Sherlock não respondeu, e ouviu o som de passos se afastando da porta. O moreno ficou andando de um lado para o outro, e quando percebeu, já tinha saído do quarto e estava batendo na porta do hóspede. Antes que pudesse voltar correndo para seu quarto, John abriu a porta, o convidando a entrar. O moreno relutou um pouco, mas seu corpo o havia levado até ali de forma involuntária, então era melhor obedecer.

-O que você quer falar? - perguntou, fazendo questão de dizer com um tom de voz irritado.

-Eu sinto muito. E você tem razão, eu era um idiota na faculdade. E no ensino médio. Eu fui o clássico garoto do time de futebol que namorava líderes de torcida e zoava os outros. Eu me arrependo de muitas coisas na vida, e essa é uma dessas coisas.

Sherlock não disse nada, incentivando John a continuar:

-E eu deveria ter imaginado que você não gostaria da minha história. Primeiro, porque foi errado, e segundo porque... bem, não fique chateado, mas seus pais me contaram um pouco sobre você e sobre sua experiência no ensino médio.

O moreno encarou o chão. O ensino médio tinha sido horrível. Todos os dias ele sofria na mão dos outros alunos, que o machucavam e o chamavam de aberração. Por mais que dissesse que não se importasse, aquilo doía muito.

-É... não foi muito legal. - admitiu, dando de ombros.

-Eu quero que você saiba que não sou mais esse cara. Eu não sou como aqueles que te machucaram na escola. Podemos ser amigos.

Sherlock percebeu que estava mordendo o lábio. Algo nas coisas que John havia dito ainda o incomodava, mas ele não sabia o que era.

-E como eu sei que você não vai me empurrar ou jogar minhas coisas na privada, como acontecia na escola? - perguntou.

-Primeiro, porque eu cresci, tenho 28 anos já.

-Tem gente com essa idade que ainda faz isso, ou coisas ainda piores. 

-Certo, verdade.

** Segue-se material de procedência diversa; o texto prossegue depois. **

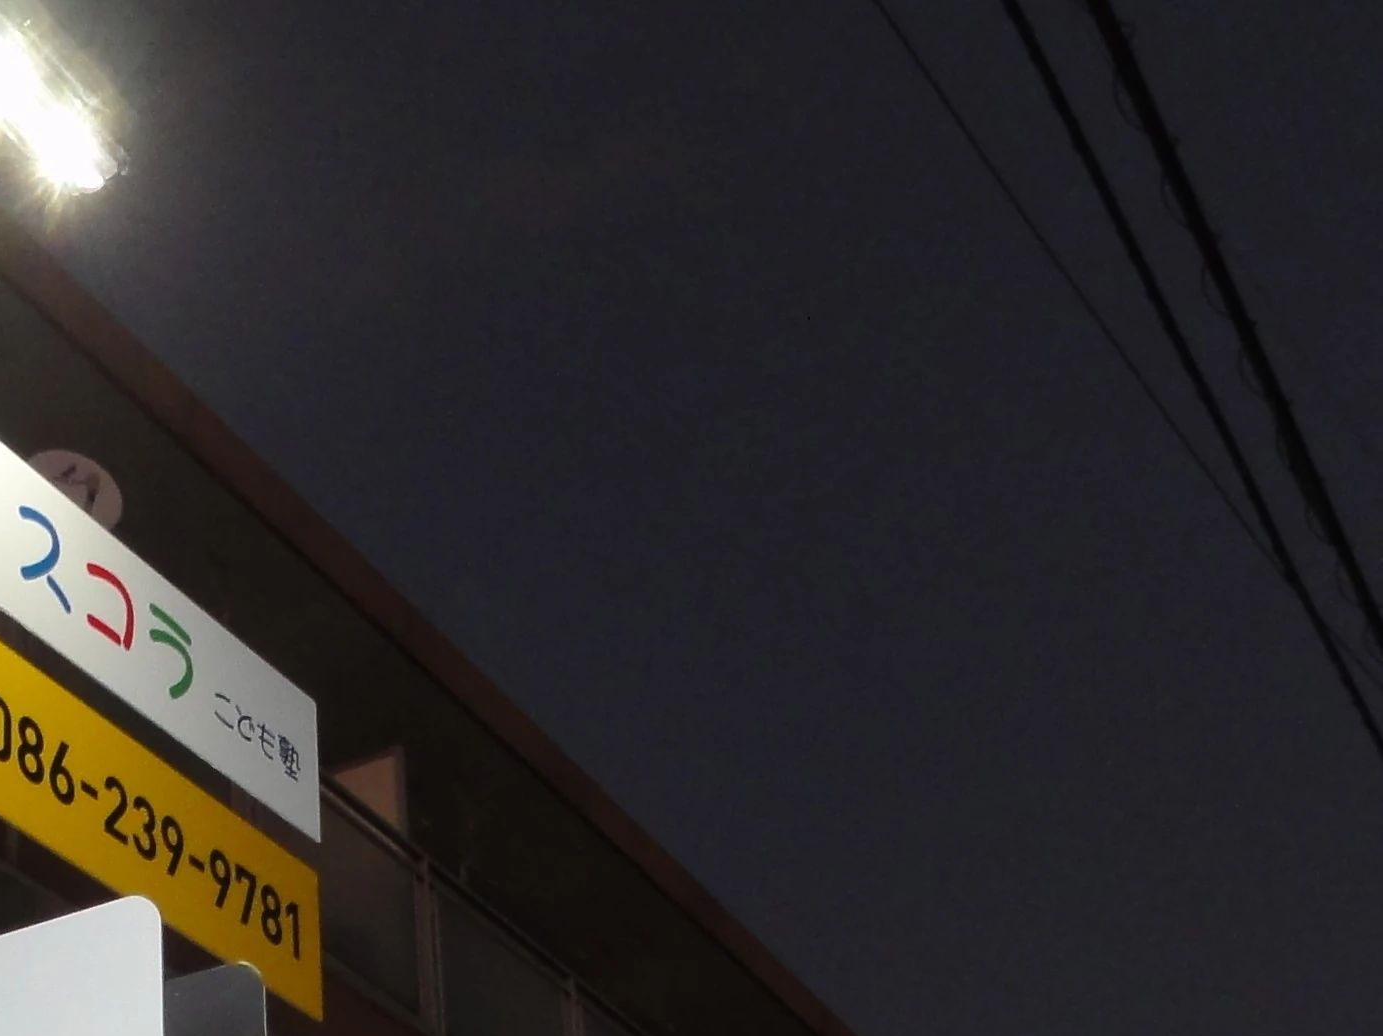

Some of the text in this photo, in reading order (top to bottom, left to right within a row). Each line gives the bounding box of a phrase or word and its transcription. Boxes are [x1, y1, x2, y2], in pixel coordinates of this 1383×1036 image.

[18, 505, 301, 781] スコラ こども塾

Bom... eu acho que... - gaguejou, nervoso.

Sherlock percebeu que John estava prestes a tocar em algum assunto delicado e pessoal.

-Eu fui para o Afeganistão apenas dois anos depois de me formar. Eu ainda era meio idiota, sabe? Eu não zoava mais pessoas que gostavam de robótica, mas acho que eu era um pouco mesquinho. Tinha muitas namoradas, não conseguia manter um relacionamento sério, fazia piadas idiotas quando ia para os pubs com meus amigos, até que...

John mudava constantemente o peso do corpo, nervoso.

-Até que eu fui para o Afeganistão e vi coisas... Eu repensei sobre a minha vida, meu passado, minha família. Agora eu só quero recomeçar e ser feliz. Se eu merecer, é claro.

-Todos merecem ser felizes, até idiotas como você.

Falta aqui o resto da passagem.